_Problem to solve_
Apart from the images, the records below need to be copied exactly.
═════ Provided information ═════
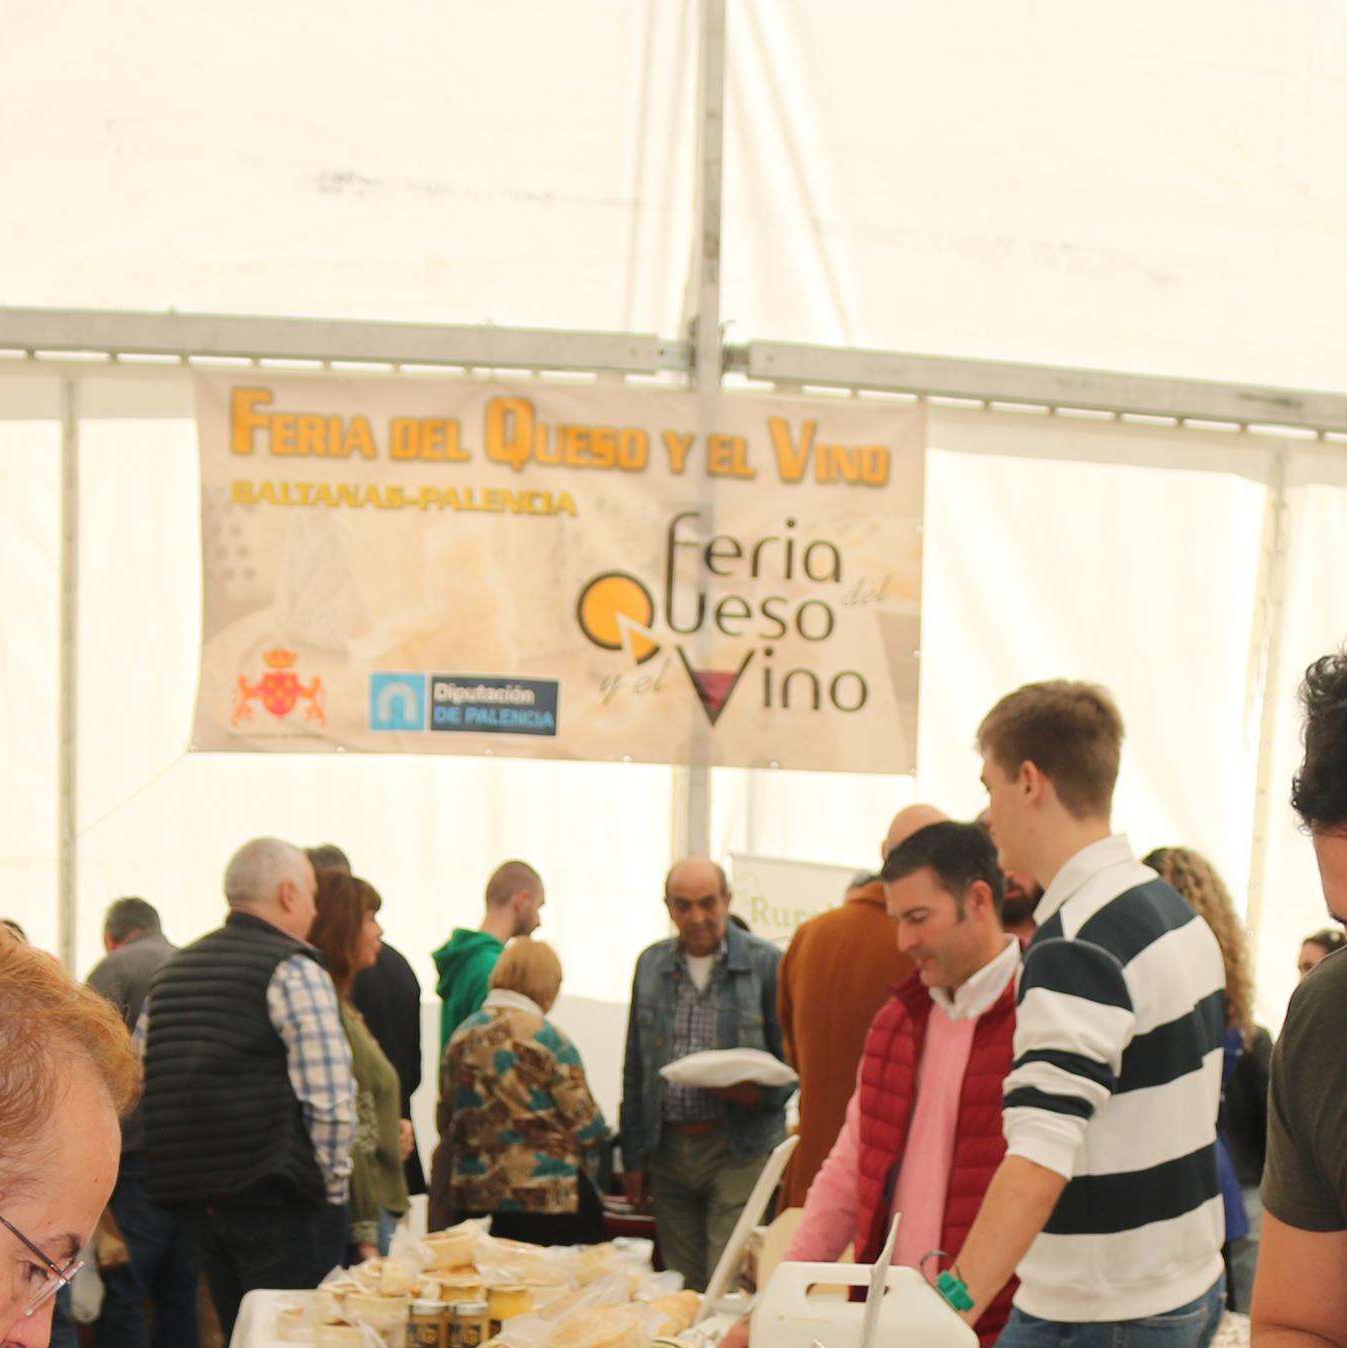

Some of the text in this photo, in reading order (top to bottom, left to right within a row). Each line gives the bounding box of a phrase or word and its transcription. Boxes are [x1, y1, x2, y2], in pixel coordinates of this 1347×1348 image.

[389, 415, 471, 462] DEL
[485, 395, 650, 472] QUESO
[662, 430, 696, 475] Y
[706, 432, 757, 478] EL
[766, 415, 892, 487] VINO
[433, 706, 554, 729] DE PALENCIA
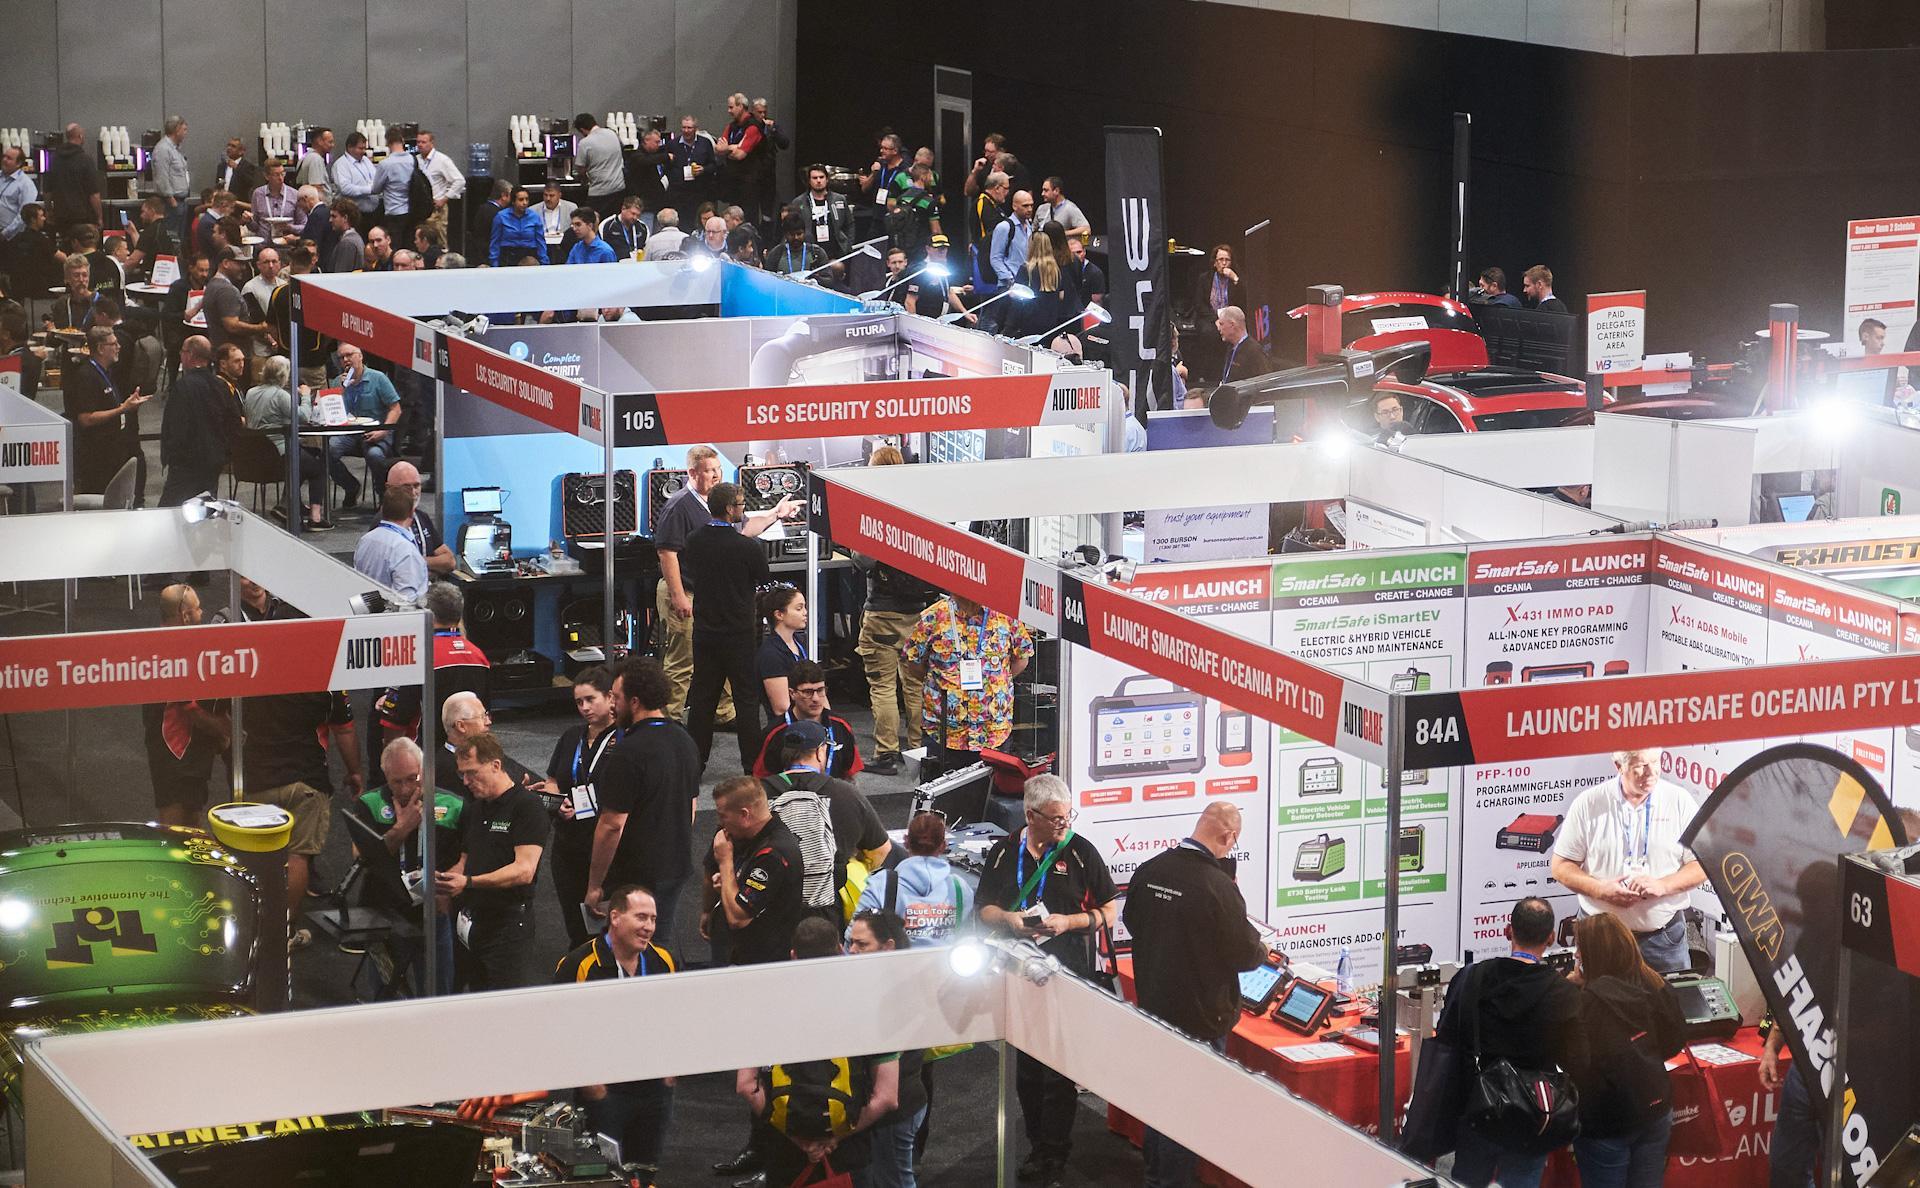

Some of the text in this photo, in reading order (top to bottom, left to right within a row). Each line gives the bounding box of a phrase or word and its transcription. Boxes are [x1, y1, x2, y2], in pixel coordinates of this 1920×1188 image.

[1596, 319, 1636, 330] DELEGATES
[1607, 310, 1625, 319] PAID
[349, 314, 374, 338] PHILLIPS
[845, 323, 887, 338] FUTURA
[1597, 330, 1635, 341] CATERING
[1606, 341, 1626, 350] AREA
[543, 352, 581, 364] Complete
[475, 362, 554, 411] LSC SECURITY SOLUTIONS
[1052, 387, 1101, 411] AUTOCARE
[746, 394, 972, 426] LSC SECURITY SOLUTIONS
[622, 410, 655, 431] 105
[2, 441, 60, 467] AUTOCARE
[811, 493, 822, 517] 84
[1164, 508, 1252, 527] trust your equipment
[860, 513, 987, 586] ADAS SOLUTIONS AUSTRALIA
[1152, 537, 1169, 545] 1300
[1169, 535, 1198, 544] BURSON
[1776, 542, 1920, 567] EXHAUST
[1474, 553, 1646, 579] SmartSafe LAUNCH
[1279, 566, 1457, 592] SmartSafe LAUNCH
[1493, 575, 1643, 594] OCEANIA CREATE CHANGE
[1657, 554, 1765, 599] SmartSafe LAUNCH
[1025, 577, 1054, 617] AUTOCARE
[1182, 579, 1262, 599] LAUNCH
[1299, 587, 1453, 607] OCEANIA CREATE CHANGE
[1667, 578, 1763, 615] OCEANIA CREATE CHANGE
[1065, 596, 1084, 626] 84A
[1177, 601, 1260, 615] CREATE CHANGE
[1547, 607, 1585, 619] IMMO
[1588, 604, 1615, 616] PAD
[1774, 588, 1832, 617] SmartSafe
[1839, 606, 1892, 637] LAUNCH
[1293, 609, 1441, 632] SmartSafe iSmartEV
[1300, 629, 1432, 647] ELECTRIC &HYBRID VEHICLE
[1488, 621, 1629, 641] ALL-IN-ONE KEY PROGRAMMING
[1696, 620, 1720, 636] ADAS
[1721, 628, 1748, 645] Mobile
[1786, 614, 1890, 652] OCEANIA CREATE CHANGE
[346, 634, 417, 670] AUTOCARE
[1355, 643, 1375, 655] AND
[1377, 640, 1444, 654] MAINTENANCE
[1502, 635, 1615, 653] &ADVANCED DIAGNOSTIC
[1689, 638, 1704, 652] ADAS
[1704, 643, 1741, 663] CALIBRATION
[56, 655, 188, 686] Technician
[196, 647, 260, 682] (TaT)
[1103, 611, 1325, 720] LAUNCH SMARTSAFE OCEANIA PTY LTD
[1506, 703, 1600, 739] LAUNCH
[1607, 694, 1744, 730] SMARTSAFE
[1750, 685, 1846, 718] OCEANIA
[1853, 680, 1896, 709] PTY
[1343, 701, 1384, 746] AUTOCARE
[1415, 715, 1460, 746] 84A
[1476, 766, 1531, 781] PFP-100
[1476, 780, 1572, 796] PROGRAMMINGFLASH
[1300, 805, 1326, 814] Electric
[1326, 803, 1351, 811] Vehicle
[1476, 792, 1565, 809] 4 CHARGING MODES
[1291, 810, 1345, 822] Battery Detector
[1516, 860, 1550, 870] APPLICABLE
[80, 890, 148, 902] Automotive
[150, 889, 170, 900] The
[1305, 887, 1329, 896] Battery
[1474, 913, 1512, 926] TWT-10
[1850, 892, 1874, 928] 63
[906, 916, 956, 927] TOWIN
[1276, 923, 1326, 938] LAUNCH
[45, 907, 158, 970] TaT
[1276, 942, 1288, 951] EV
[1290, 935, 1352, 951] DIAGNOSTICS
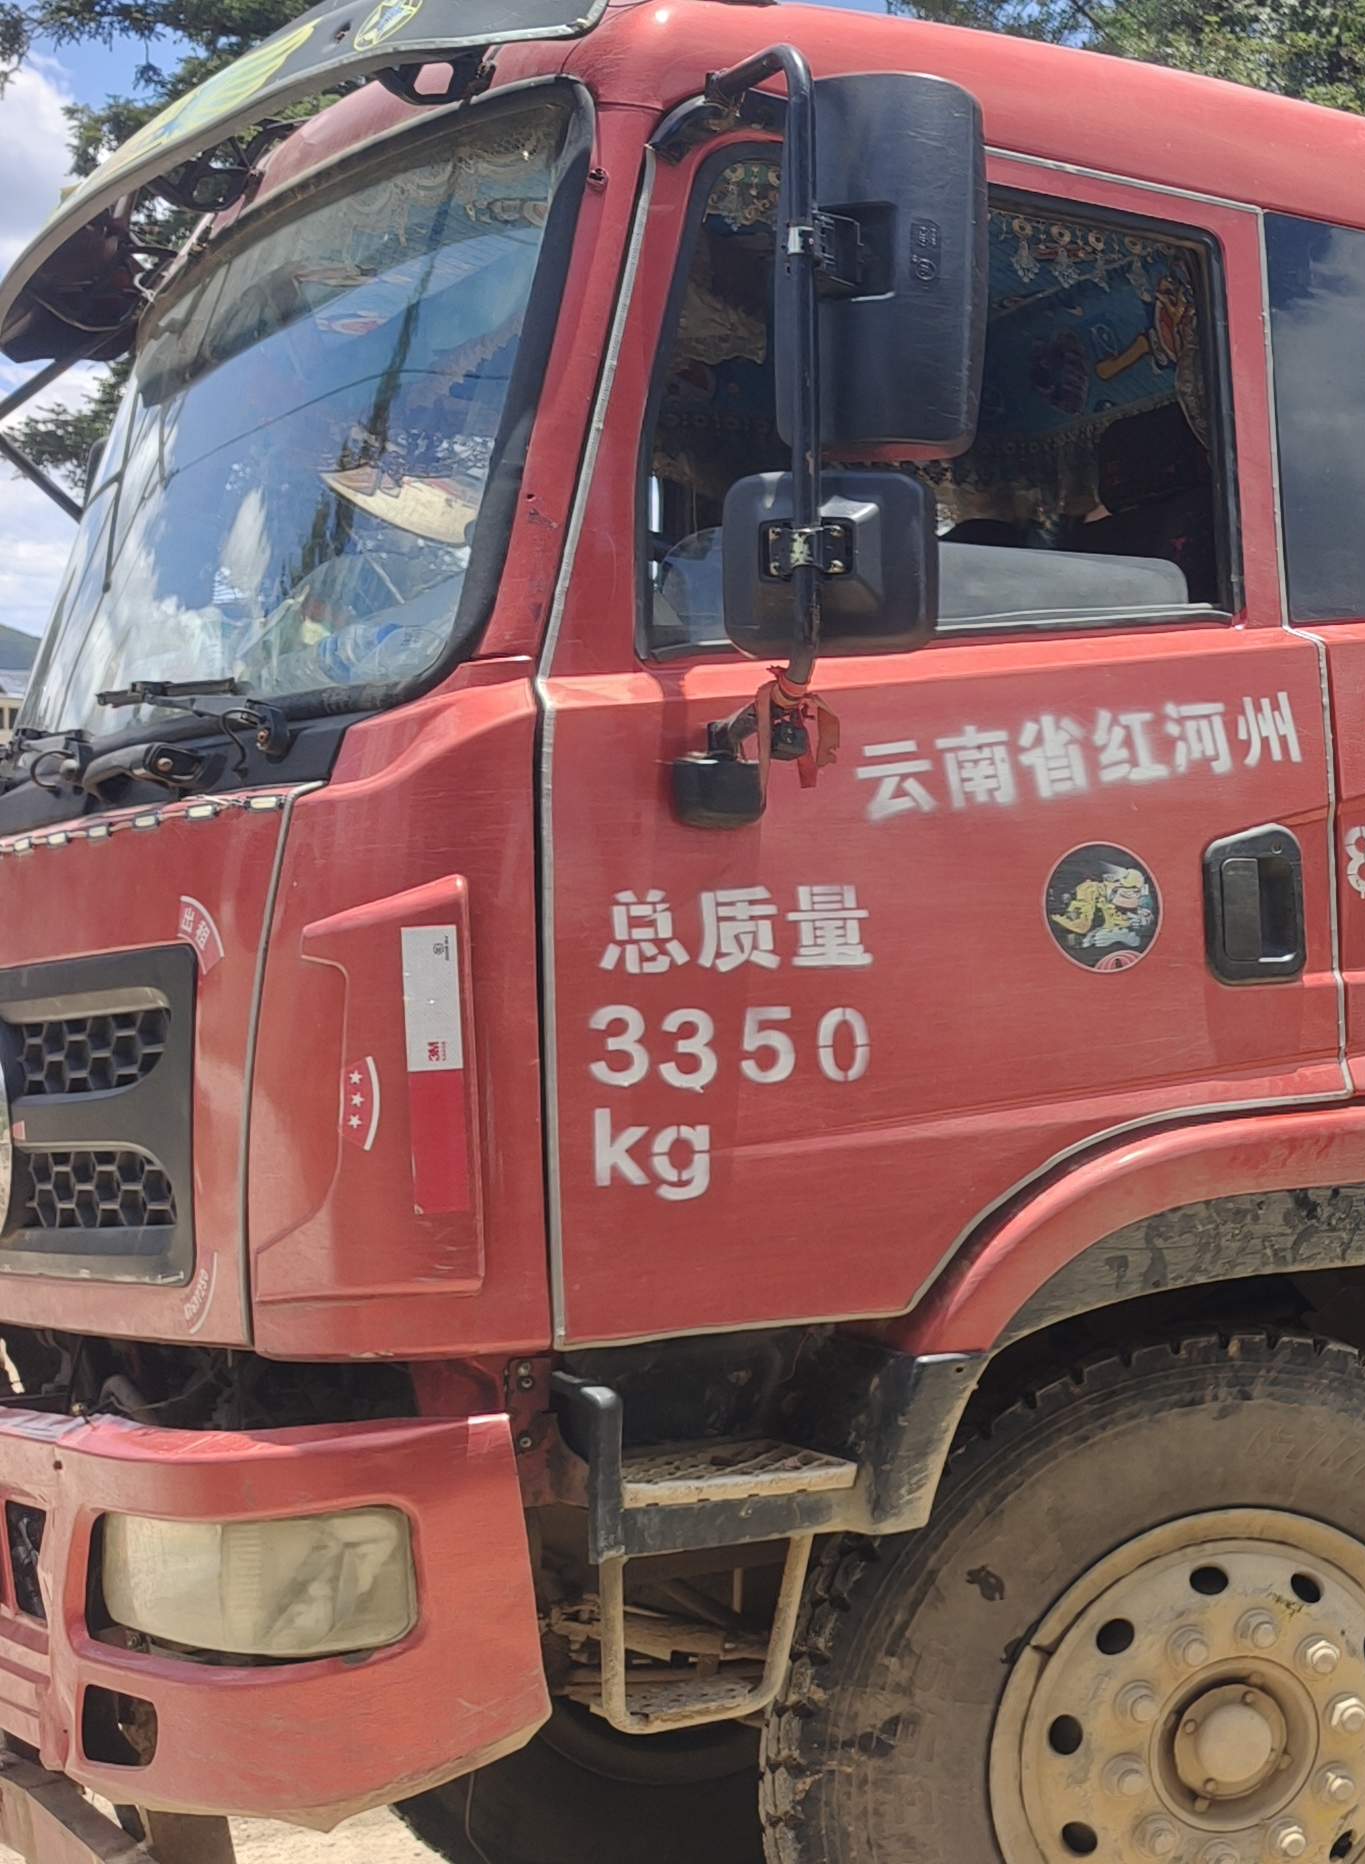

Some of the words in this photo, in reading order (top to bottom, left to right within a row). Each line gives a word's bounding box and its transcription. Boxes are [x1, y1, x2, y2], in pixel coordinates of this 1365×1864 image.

[855, 691, 1302, 821] 云南省红河州
[598, 883, 873, 974] 总质量
[588, 1004, 871, 1092] 3350
[593, 1108, 711, 1200] kg
═════
_Response area_
Some of the text in this photo, in reading order (top to bottom, left to right within a row). Each line gives the bounding box of a phrase or word and its transcription. Boxes are [x1, y1, x2, y2], in pixel coordinates of this 1347×1348 image.

[389, 415, 471, 462] DEL
[485, 395, 650, 472] QUESO
[662, 430, 696, 475] Y
[706, 432, 757, 478] EL
[766, 415, 892, 487] VINO
[433, 706, 554, 729] DE PALENCIA

Some of the text in this photo, in reading order (top to bottom, left to right within a row). Each line gives the bounding box of a phrase or word and its transcription. Boxes are [x1, y1, x2, y2], in pixel coordinates of this 1920×1188 image.

[1596, 319, 1636, 330] DELEGATES
[1607, 310, 1625, 319] PAID
[349, 314, 374, 338] PHILLIPS
[845, 323, 887, 338] FUTURA
[1597, 330, 1635, 341] CATERING
[1606, 341, 1626, 350] AREA
[543, 352, 581, 364] Complete
[475, 362, 554, 411] LSC SECURITY SOLUTIONS
[1052, 387, 1101, 411] AUTOCARE
[746, 394, 972, 426] LSC SECURITY SOLUTIONS
[622, 410, 655, 431] 105
[2, 441, 60, 467] AUTOCARE
[811, 493, 822, 517] 84
[1164, 508, 1252, 527] trust your equipment
[860, 513, 987, 586] ADAS SOLUTIONS AUSTRALIA
[1152, 537, 1169, 545] 1300
[1169, 535, 1198, 544] BURSON
[1776, 542, 1920, 567] EXHAUST
[1474, 553, 1646, 579] SmartSafe LAUNCH
[1279, 566, 1457, 592] SmartSafe LAUNCH
[1493, 575, 1643, 594] OCEANIA CREATE CHANGE
[1657, 554, 1765, 599] SmartSafe LAUNCH
[1025, 577, 1054, 617] AUTOCARE
[1182, 579, 1262, 599] LAUNCH
[1299, 587, 1453, 607] OCEANIA CREATE CHANGE
[1667, 578, 1763, 615] OCEANIA CREATE CHANGE
[1065, 596, 1084, 626] 84A
[1177, 601, 1260, 615] CREATE CHANGE
[1547, 607, 1585, 619] IMMO
[1588, 604, 1615, 616] PAD
[1774, 588, 1832, 617] SmartSafe
[1839, 606, 1892, 637] LAUNCH
[1293, 609, 1441, 632] SmartSafe iSmartEV
[1300, 629, 1432, 647] ELECTRIC &HYBRID VEHICLE
[1488, 621, 1629, 641] ALL-IN-ONE KEY PROGRAMMING
[1696, 620, 1720, 636] ADAS
[1721, 628, 1748, 645] Mobile
[1786, 614, 1890, 652] OCEANIA CREATE CHANGE
[346, 634, 417, 670] AUTOCARE
[1355, 643, 1375, 655] AND
[1377, 640, 1444, 654] MAINTENANCE
[1502, 635, 1615, 653] &ADVANCED DIAGNOSTIC
[1689, 638, 1704, 652] ADAS
[1704, 643, 1741, 663] CALIBRATION
[56, 655, 188, 686] Technician
[196, 647, 260, 682] (TaT)
[1103, 611, 1325, 720] LAUNCH SMARTSAFE OCEANIA PTY LTD
[1506, 703, 1600, 739] LAUNCH
[1607, 694, 1744, 730] SMARTSAFE
[1750, 685, 1846, 718] OCEANIA
[1853, 680, 1896, 709] PTY
[1343, 701, 1384, 746] AUTOCARE
[1415, 715, 1460, 746] 84A
[1476, 766, 1531, 781] PFP-100
[1476, 780, 1572, 796] PROGRAMMINGFLASH
[1300, 805, 1326, 814] Electric
[1326, 803, 1351, 811] Vehicle
[1476, 792, 1565, 809] 4 CHARGING MODES
[1291, 810, 1345, 822] Battery Detector
[1516, 860, 1550, 870] APPLICABLE
[80, 890, 148, 902] Automotive
[150, 889, 170, 900] The
[1305, 887, 1329, 896] Battery
[1474, 913, 1512, 926] TWT-10
[1850, 892, 1874, 928] 63
[906, 916, 956, 927] TOWIN
[1276, 923, 1326, 938] LAUNCH
[45, 907, 158, 970] TaT
[1276, 942, 1288, 951] EV
[1290, 935, 1352, 951] DIAGNOSTICS

Some of the words in this photo, in reading order (top to bottom, left to right within a row). Each line gives a word's bounding box and its transcription. Boxes are [x1, y1, x2, y2], in pixel coordinates of this 1365×1864 image.

[855, 691, 1302, 821] 云南省红河州
[598, 883, 873, 974] 总质量
[588, 1004, 871, 1092] 3350
[593, 1108, 711, 1200] kg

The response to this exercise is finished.